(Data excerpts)
# # #

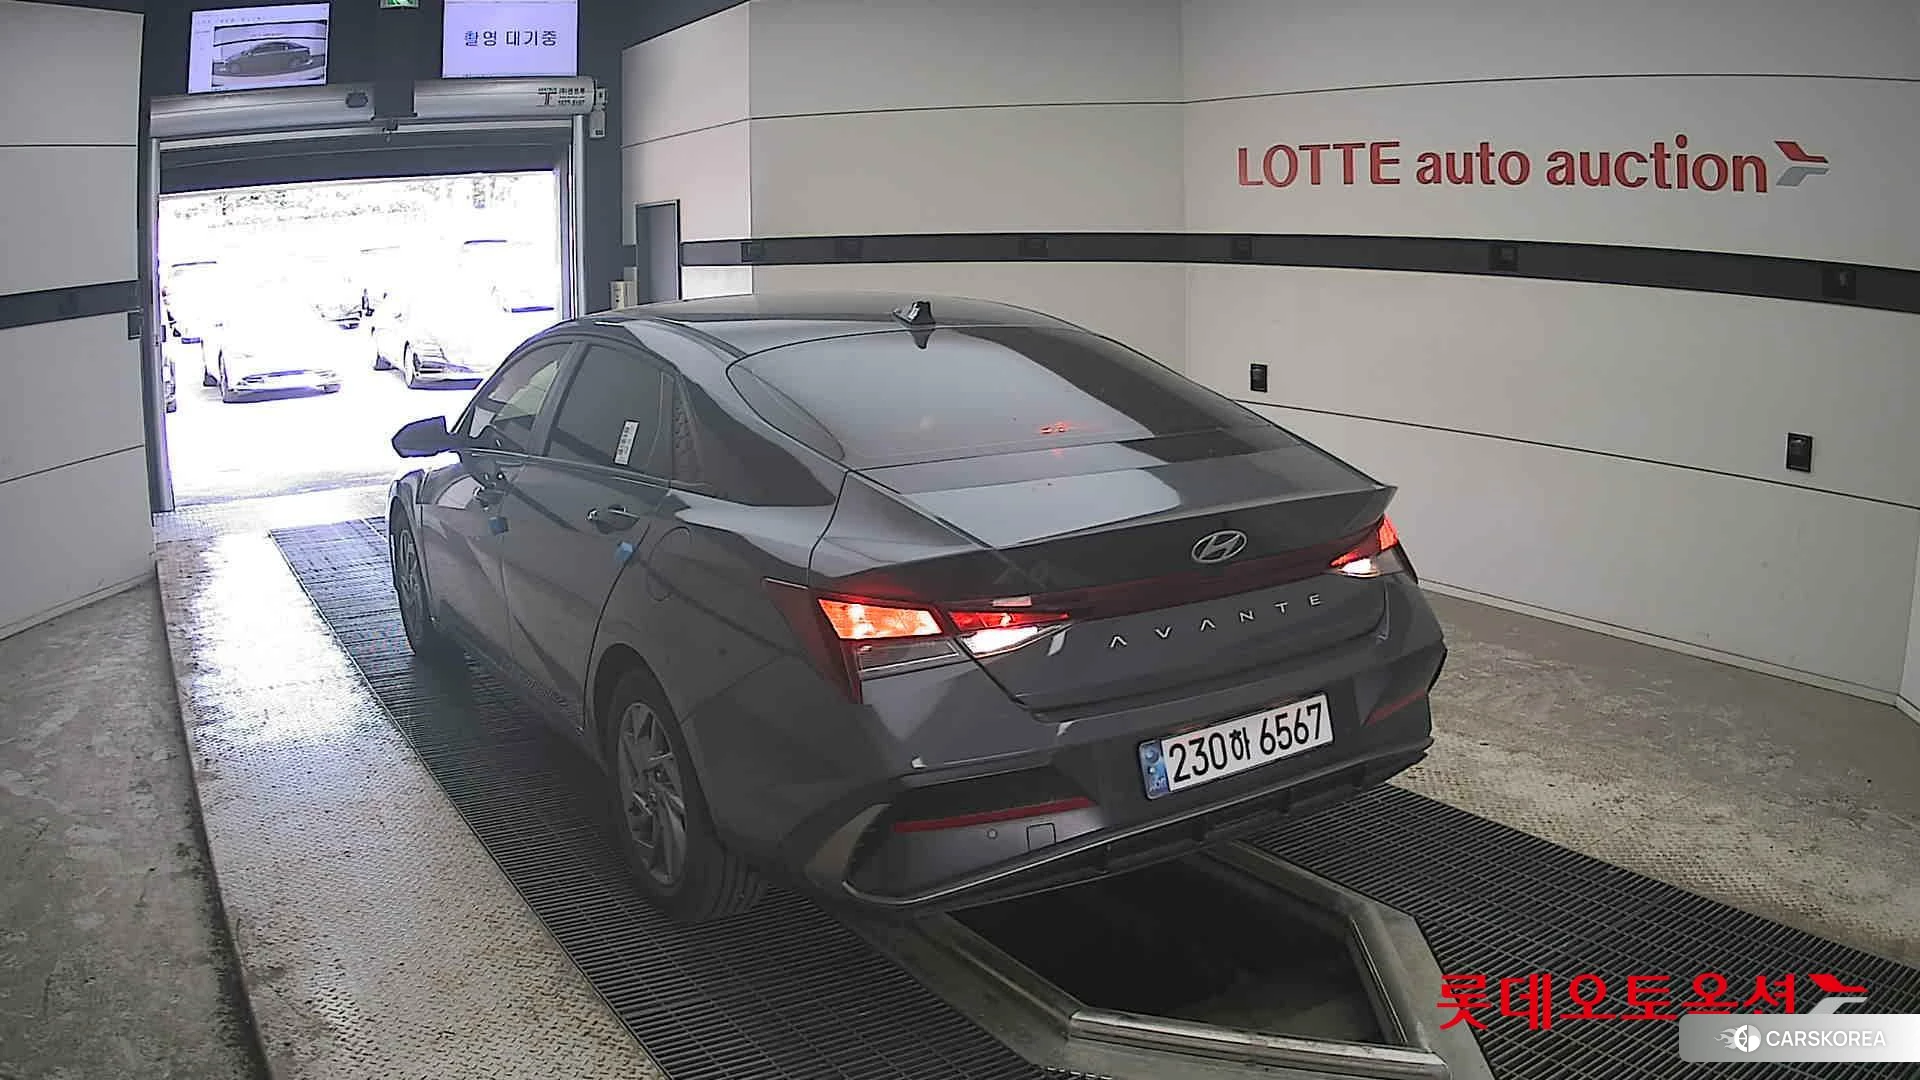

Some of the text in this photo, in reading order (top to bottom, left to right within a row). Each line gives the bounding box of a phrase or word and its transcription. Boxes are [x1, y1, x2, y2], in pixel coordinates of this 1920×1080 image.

[506, 30, 557, 47] 대기중
[1237, 135, 1768, 193] LOTTE auto auction
[1109, 592, 1322, 649] AVANTE
[1168, 702, 1323, 784] 230하 6567
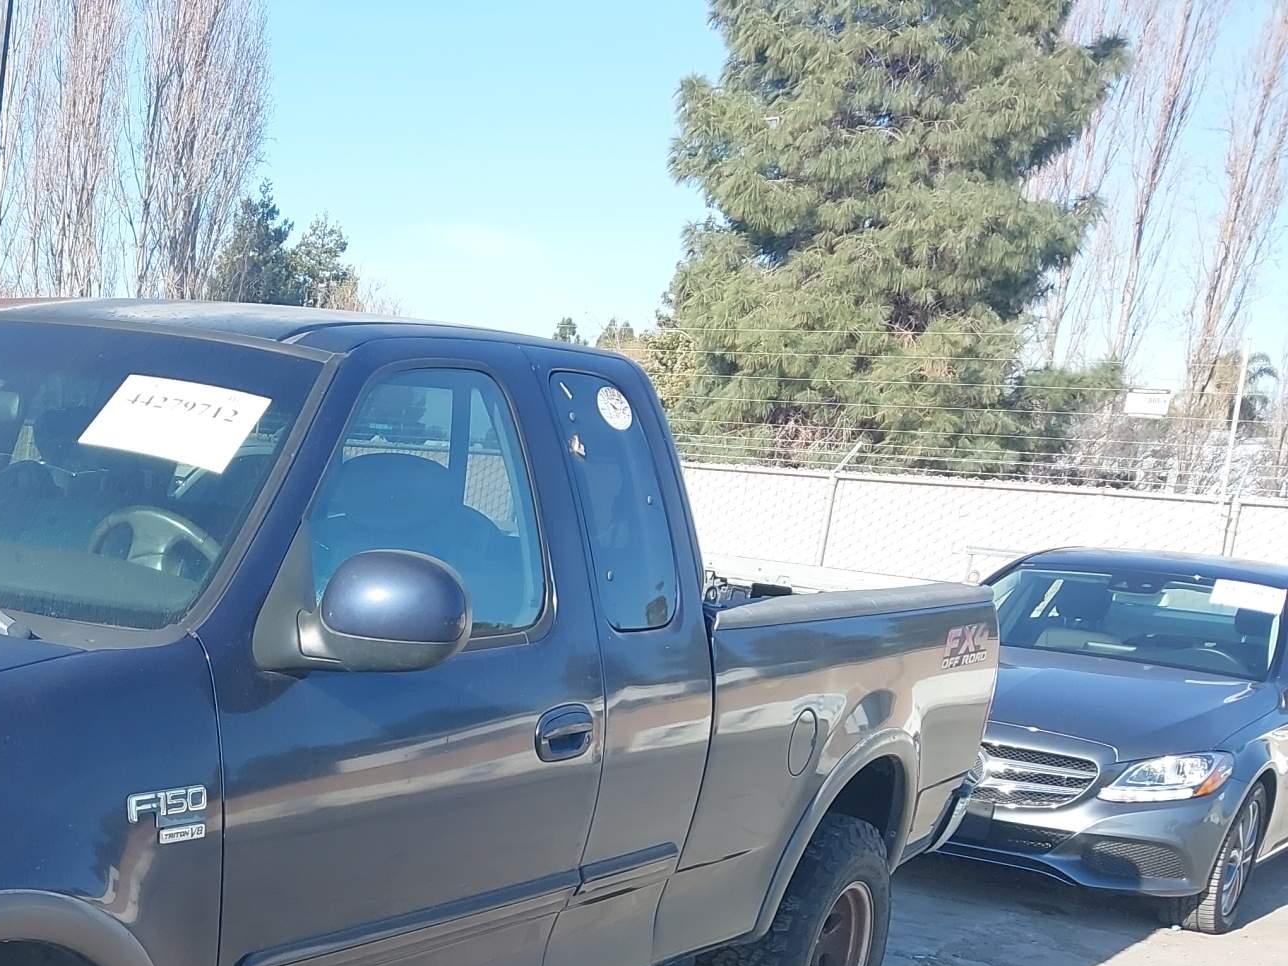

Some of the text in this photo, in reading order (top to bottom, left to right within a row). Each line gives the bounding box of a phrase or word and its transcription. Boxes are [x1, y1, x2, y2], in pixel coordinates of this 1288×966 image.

[126, 393, 239, 423] 44279712
[943, 622, 990, 658] FX4
[941, 651, 988, 669] OFF ROAD
[164, 825, 204, 840] TRITON V8
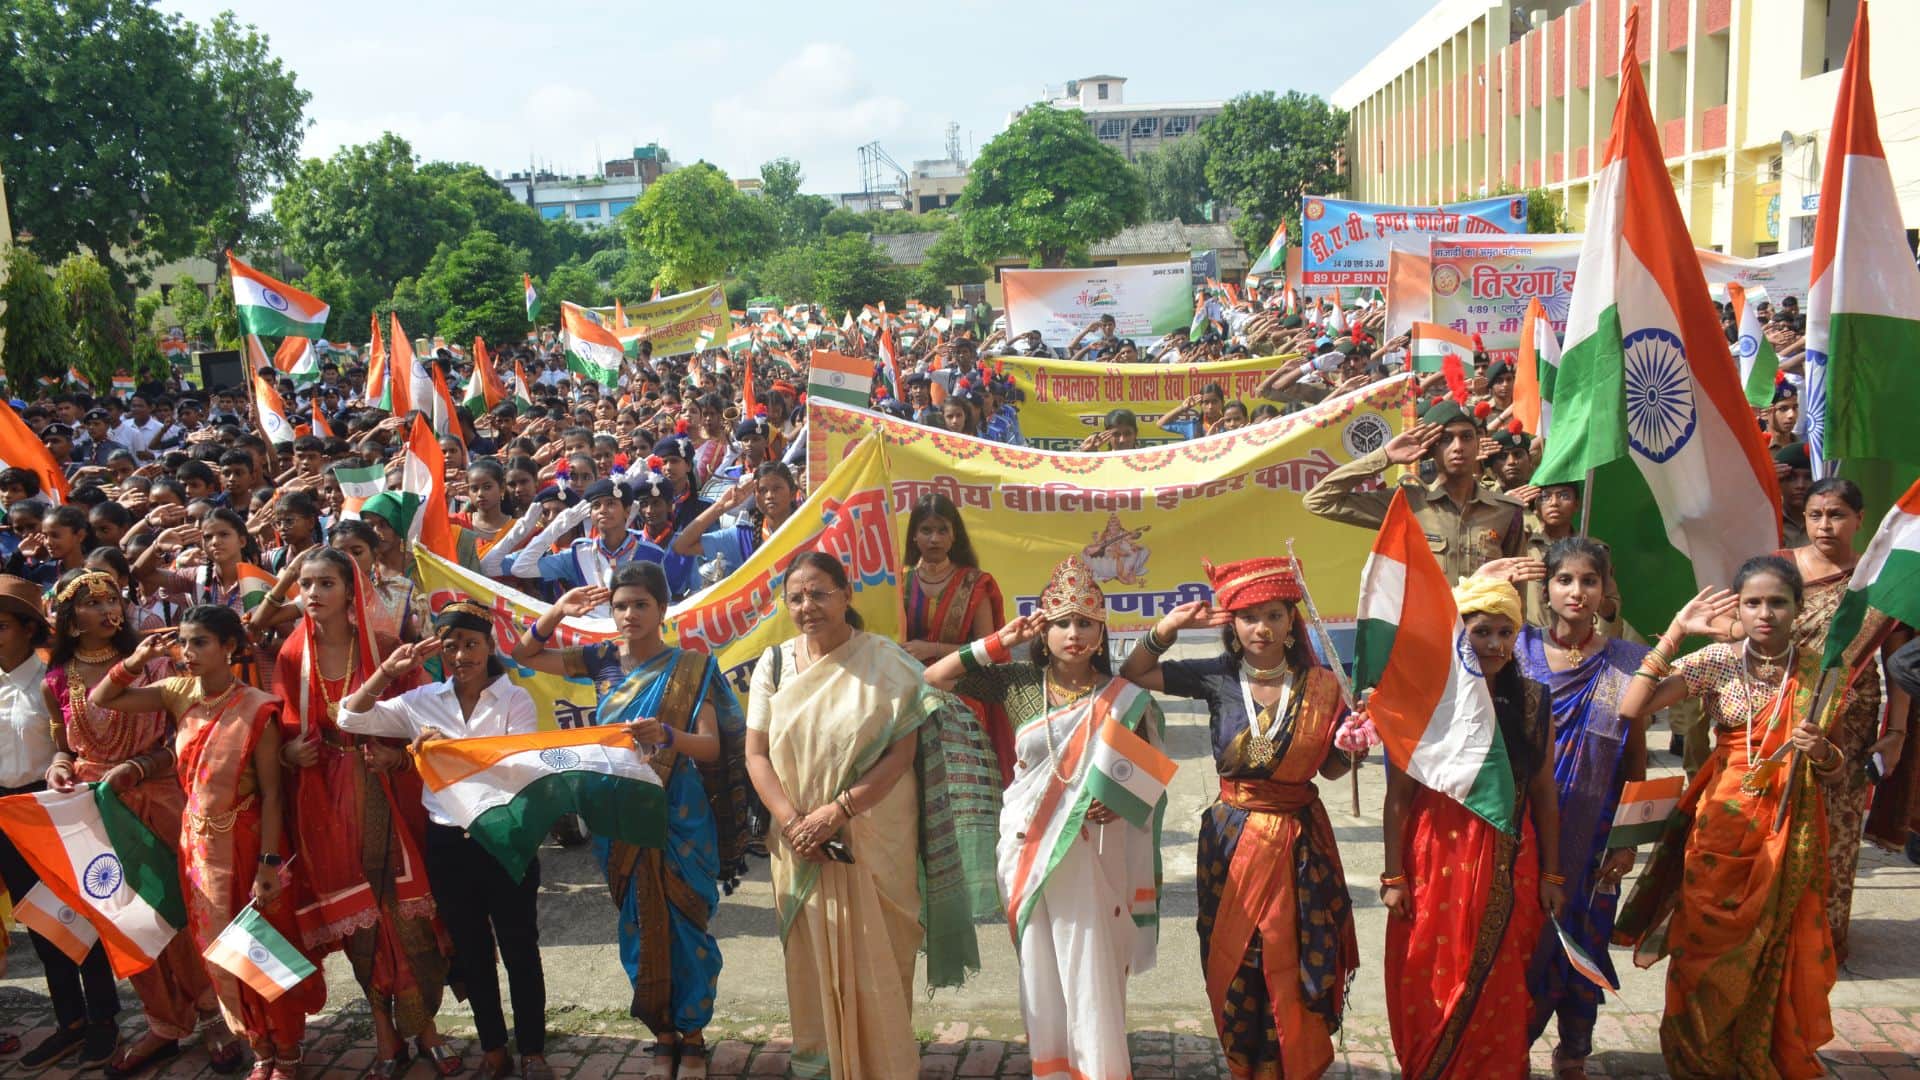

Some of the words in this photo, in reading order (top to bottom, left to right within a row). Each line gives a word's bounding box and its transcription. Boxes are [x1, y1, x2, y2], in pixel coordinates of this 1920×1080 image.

[1373, 212, 1408, 238] इण्टर
[1413, 207, 1459, 233] कालेज
[1465, 249, 1475, 257] का
[1313, 273, 1329, 283] 89
[1332, 273, 1350, 283] UP
[1354, 273, 1373, 283] BN
[1473, 264, 1556, 298] तिरंगा
[1035, 366, 1048, 402] श्री
[1052, 374, 1100, 401] कमलाकर
[1103, 369, 1124, 401] चौबे
[1128, 369, 1159, 401] आदर्श
[1164, 369, 1185, 401] सेवा
[891, 475, 994, 513] जकीय
[1001, 482, 1146, 512] बालिका
[1155, 471, 1249, 510] इण्टर
[1254, 449, 1388, 493] काले
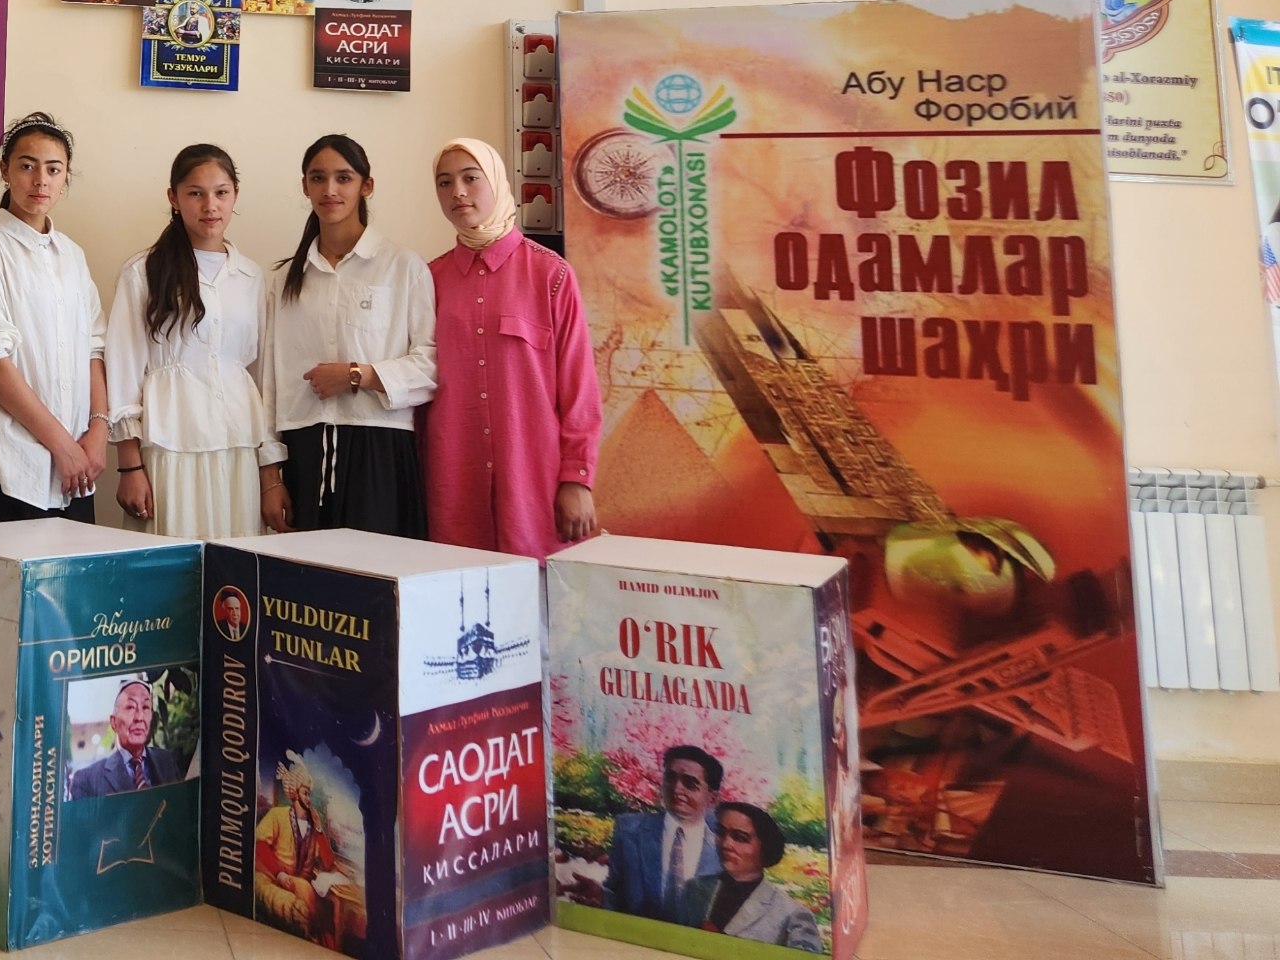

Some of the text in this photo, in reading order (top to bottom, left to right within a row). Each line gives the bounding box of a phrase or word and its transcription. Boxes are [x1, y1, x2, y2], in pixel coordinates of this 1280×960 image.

[325, 22, 403, 40] САОДАТ
[336, 40, 388, 54] АСРИ
[162, 62, 218, 73] ТУЗУКЛАРИ
[174, 54, 207, 62] ТЕМУР
[326, 56, 400, 66] ҚИССАЛАРИ
[1113, 72, 1198, 89] al-Xorazmiy
[842, 70, 1008, 99] Абу Наср
[914, 95, 1078, 127] Форобий
[1144, 119, 1182, 130] puxta
[1122, 132, 1176, 146] dunyoda
[835, 146, 1080, 221] Фозил
[657, 166, 680, 297] «KAMOLOT»
[686, 152, 712, 311] KUTUBXONASI
[773, 231, 1089, 316] одамлар
[861, 316, 1098, 401] шаҳри
[619, 580, 720, 601] HAMID OLIMJON
[91, 608, 174, 642] Абдулла
[262, 595, 370, 641] YULDUZLI
[48, 642, 137, 674] ОРИПОВ
[271, 629, 362, 673] TUNLAR
[619, 616, 725, 670] O‘RIK
[599, 666, 752, 716] GULLAGANDA
[218, 654, 249, 890] PIRIMQUL QODIROV
[418, 727, 538, 795] САОДАТ
[29, 714, 46, 868] ЗАМОНДОШЛАРИ
[42, 745, 57, 866] ХОТИРАСИДА
[438, 784, 520, 845] АСРИ
[423, 830, 540, 886] ҚИССАЛАРИ

# # #

_Task item_. Please set the data above down exactly, with the pictures removed.

_Solution to this exercise_.
Some of the text in this photo, in reading order (top to bottom, left to right within a row). Each line gives the bounding box of a phrase or word and its transcription. Boxes are [x1, y1, x2, y2], in pixel coordinates of this 1920×1080 image.

[506, 30, 557, 47] 대기중
[1237, 135, 1768, 193] LOTTE auto auction
[1109, 592, 1322, 649] AVANTE
[1168, 702, 1323, 784] 230하 6567

Some of the text in this photo, in reading order (top to bottom, left to right within a row). Each line gives the bounding box of a phrase or word and its transcription. Boxes are [x1, y1, x2, y2], in pixel coordinates of this 1288×966 image.

[126, 393, 239, 423] 44279712
[943, 622, 990, 658] FX4
[941, 651, 988, 669] OFF ROAD
[164, 825, 204, 840] TRITON V8

Some of the words in this photo, in reading order (top to bottom, left to right within a row). Each line gives a word's bounding box and its transcription. Boxes are [x1, y1, x2, y2], in pixel coordinates of this 1920×1080 image.

[1373, 212, 1408, 238] इण्टर
[1413, 207, 1459, 233] कालेज
[1465, 249, 1475, 257] का
[1313, 273, 1329, 283] 89
[1332, 273, 1350, 283] UP
[1354, 273, 1373, 283] BN
[1473, 264, 1556, 298] तिरंगा
[1035, 366, 1048, 402] श्री
[1052, 374, 1100, 401] कमलाकर
[1103, 369, 1124, 401] चौबे
[1128, 369, 1159, 401] आदर्श
[1164, 369, 1185, 401] सेवा
[891, 475, 994, 513] जकीय
[1001, 482, 1146, 512] बालिका
[1155, 471, 1249, 510] इण्टर
[1254, 449, 1388, 493] काले

Some of the text in this photo, in reading order (top to bottom, left to right within a row). Each line gives the bounding box of a phrase or word and its transcription. Boxes are [x1, y1, x2, y2], in pixel coordinates of this 1280×960 image.

[325, 22, 403, 40] САОДАТ
[336, 40, 388, 54] АСРИ
[162, 62, 218, 73] ТУЗУКЛАРИ
[174, 54, 207, 62] ТЕМУР
[326, 56, 400, 66] ҚИССАЛАРИ
[1113, 72, 1198, 89] al-Xorazmiy
[842, 70, 1008, 99] Абу Наср
[914, 95, 1078, 127] Форобий
[1144, 119, 1182, 130] puxta
[1122, 132, 1176, 146] dunyoda
[835, 146, 1080, 221] Фозил
[657, 166, 680, 297] «KAMOLOT»
[686, 152, 712, 311] KUTUBXONASI
[773, 231, 1089, 316] одамлар
[861, 316, 1098, 401] шаҳри
[619, 580, 720, 601] HAMID OLIMJON
[91, 608, 174, 642] Абдулла
[262, 595, 370, 641] YULDUZLI
[48, 642, 137, 674] ОРИПОВ
[271, 629, 362, 673] TUNLAR
[619, 616, 725, 670] O‘RIK
[599, 666, 752, 716] GULLAGANDA
[218, 654, 249, 890] PIRIMQUL QODIROV
[418, 727, 538, 795] САОДАТ
[29, 714, 46, 868] ЗАМОНДОШЛАРИ
[42, 745, 57, 866] ХОТИРАСИДА
[438, 784, 520, 845] АСРИ
[423, 830, 540, 886] ҚИССАЛАРИ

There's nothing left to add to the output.